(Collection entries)
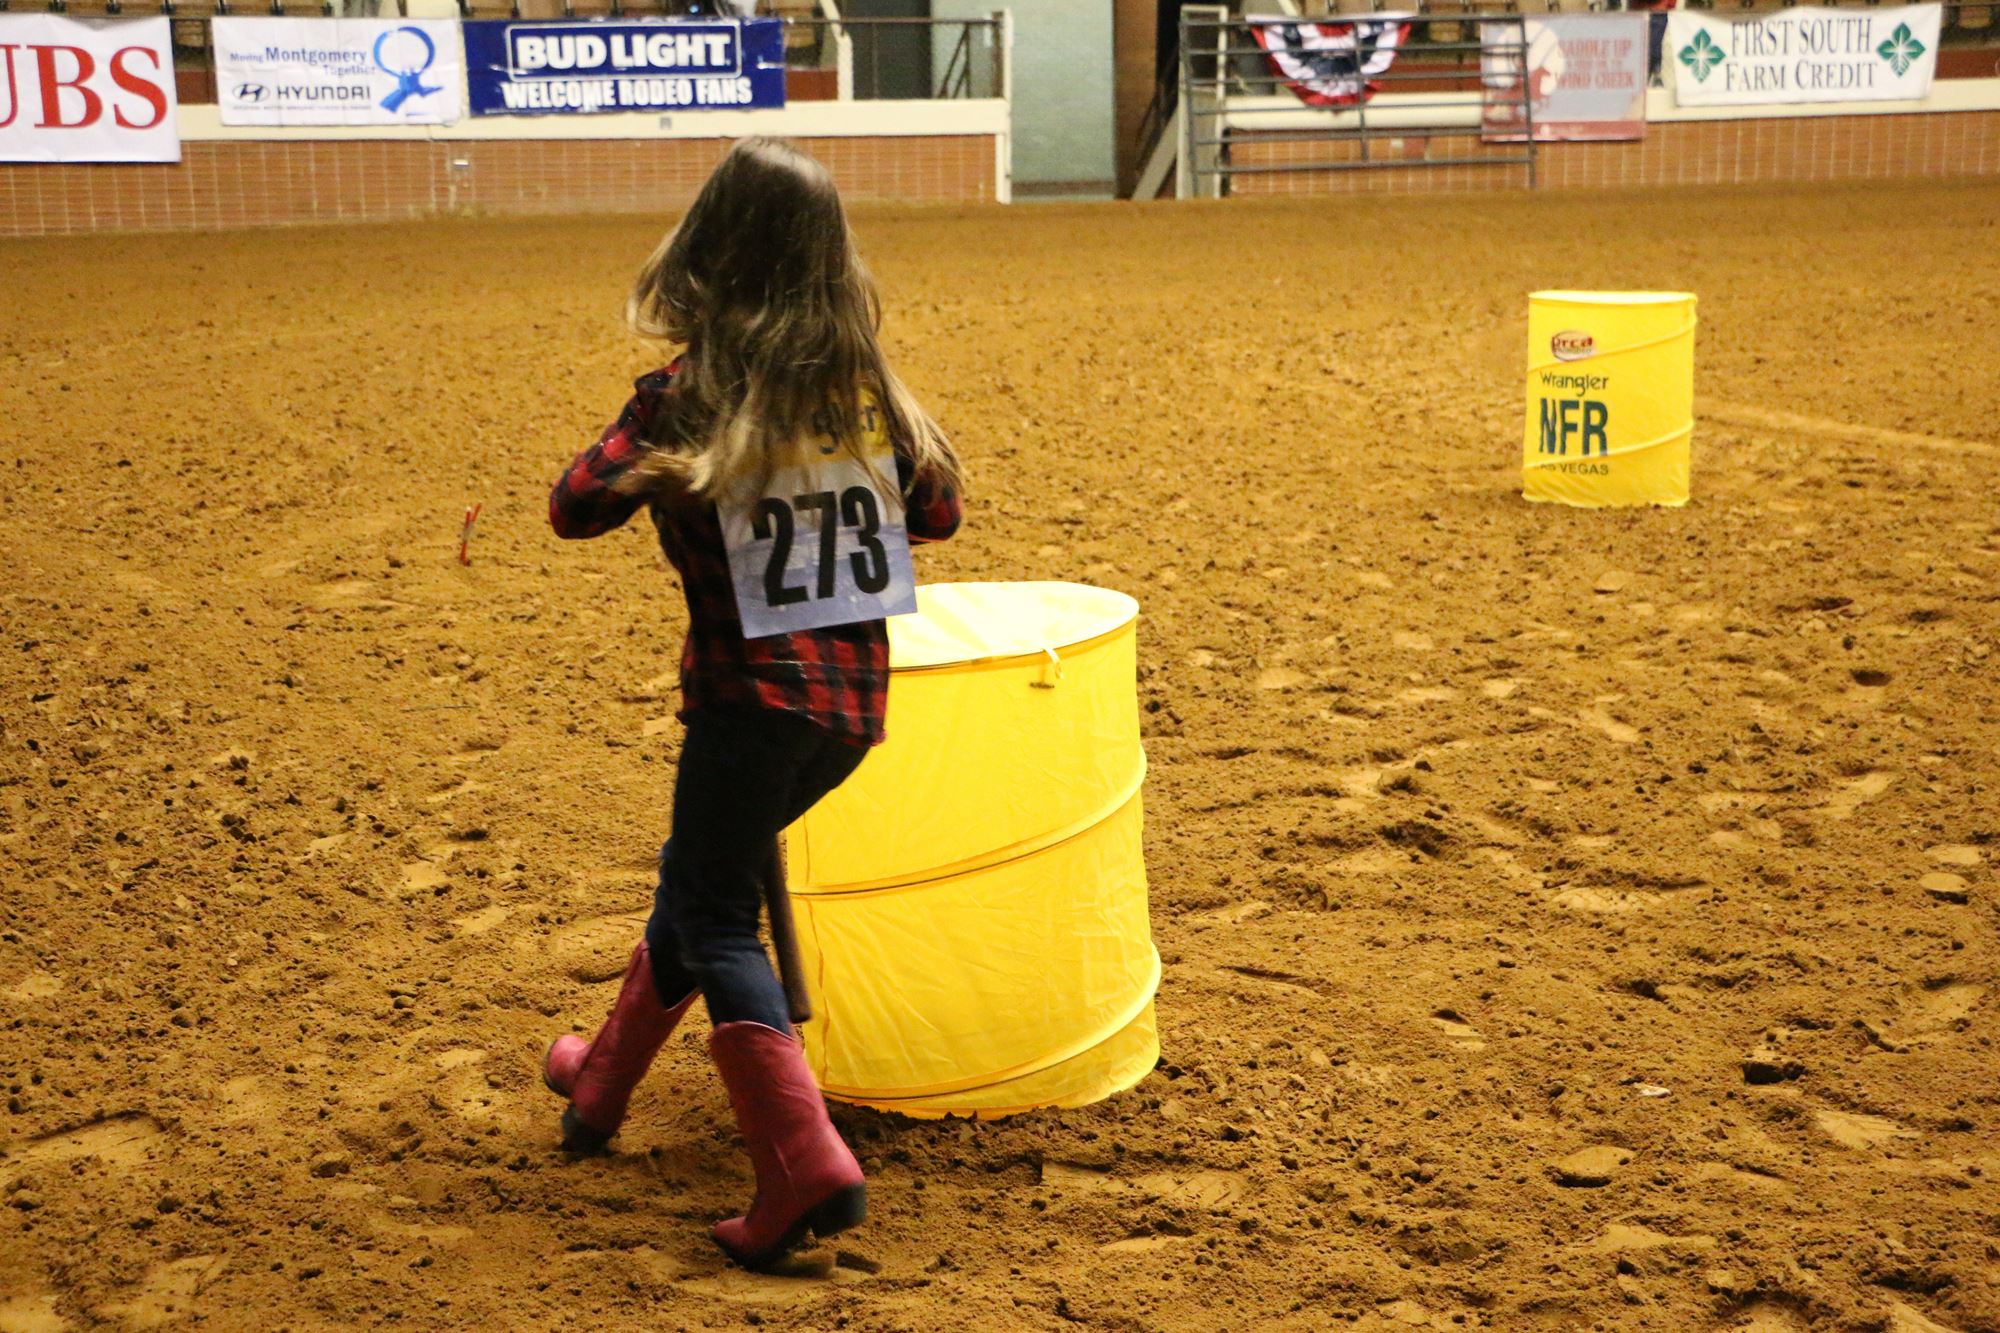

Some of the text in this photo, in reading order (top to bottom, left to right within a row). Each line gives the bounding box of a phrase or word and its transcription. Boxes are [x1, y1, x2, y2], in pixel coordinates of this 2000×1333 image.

[516, 33, 731, 69] BUD LIGHT
[1731, 18, 1871, 57] FIRST SOUTH
[265, 47, 367, 66] Montgomery
[1726, 58, 1877, 92] FARM CREDIT
[277, 85, 371, 100] HYUNDAI
[501, 76, 753, 109] WELCOME RODEO FANS
[1540, 372, 1609, 397] Wrangler
[1538, 398, 1608, 456] NFR
[1559, 463, 1609, 476] VEGAS
[752, 486, 890, 608] 273
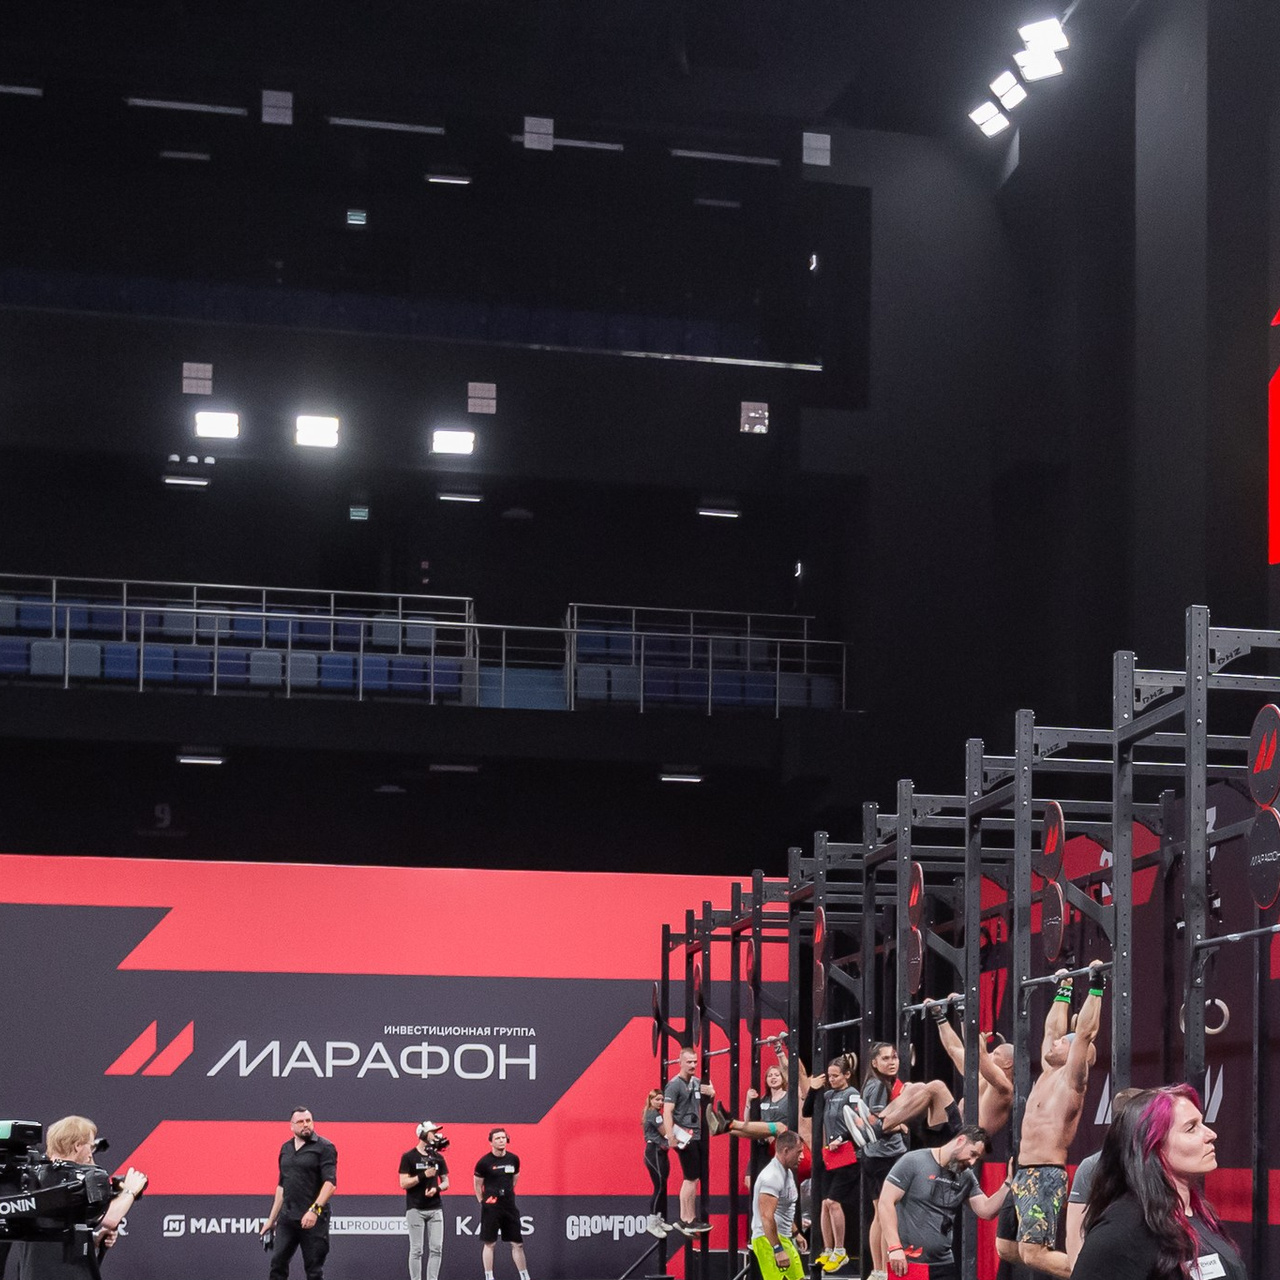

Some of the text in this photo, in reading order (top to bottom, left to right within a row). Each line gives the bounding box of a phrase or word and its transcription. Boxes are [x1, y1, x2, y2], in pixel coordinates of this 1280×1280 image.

[384, 1025, 536, 1037] ИНВЕСТИЦИОННАЯ ГРУППА
[207, 1039, 536, 1080] МАРАФОН
[0, 1198, 36, 1215] ONIN
[329, 1220, 409, 1231] ELLPRODUCTS
[566, 1215, 650, 1240] GROWFOO

**TASK PROMPT**
With the pictures removed, return each record above exactly as given.

**ANSWER BELOW**
Some of the text in this photo, in reading order (top to bottom, left to right within a row). Each line gives the bounding box of a phrase or word and its transcription. Boxes are [x1, y1, x2, y2], in pixel coordinates of this 2000×1333 image.

[516, 33, 731, 69] BUD LIGHT
[1731, 18, 1871, 57] FIRST SOUTH
[265, 47, 367, 66] Montgomery
[1726, 58, 1877, 92] FARM CREDIT
[277, 85, 371, 100] HYUNDAI
[501, 76, 753, 109] WELCOME RODEO FANS
[1540, 372, 1609, 397] Wrangler
[1538, 398, 1608, 456] NFR
[1559, 463, 1609, 476] VEGAS
[752, 486, 890, 608] 273

Some of the text in this photo, in reading order (top to bottom, left to right within a row). Each line gives the bounding box of a phrase or word and its transcription. Boxes are [x1, y1, x2, y2], in pixel coordinates of this 1280×1280 image.

[384, 1025, 536, 1037] ИНВЕСТИЦИОННАЯ ГРУППА
[207, 1039, 536, 1080] МАРАФОН
[0, 1198, 36, 1215] ONIN
[329, 1220, 409, 1231] ELLPRODUCTS
[566, 1215, 650, 1240] GROWFOO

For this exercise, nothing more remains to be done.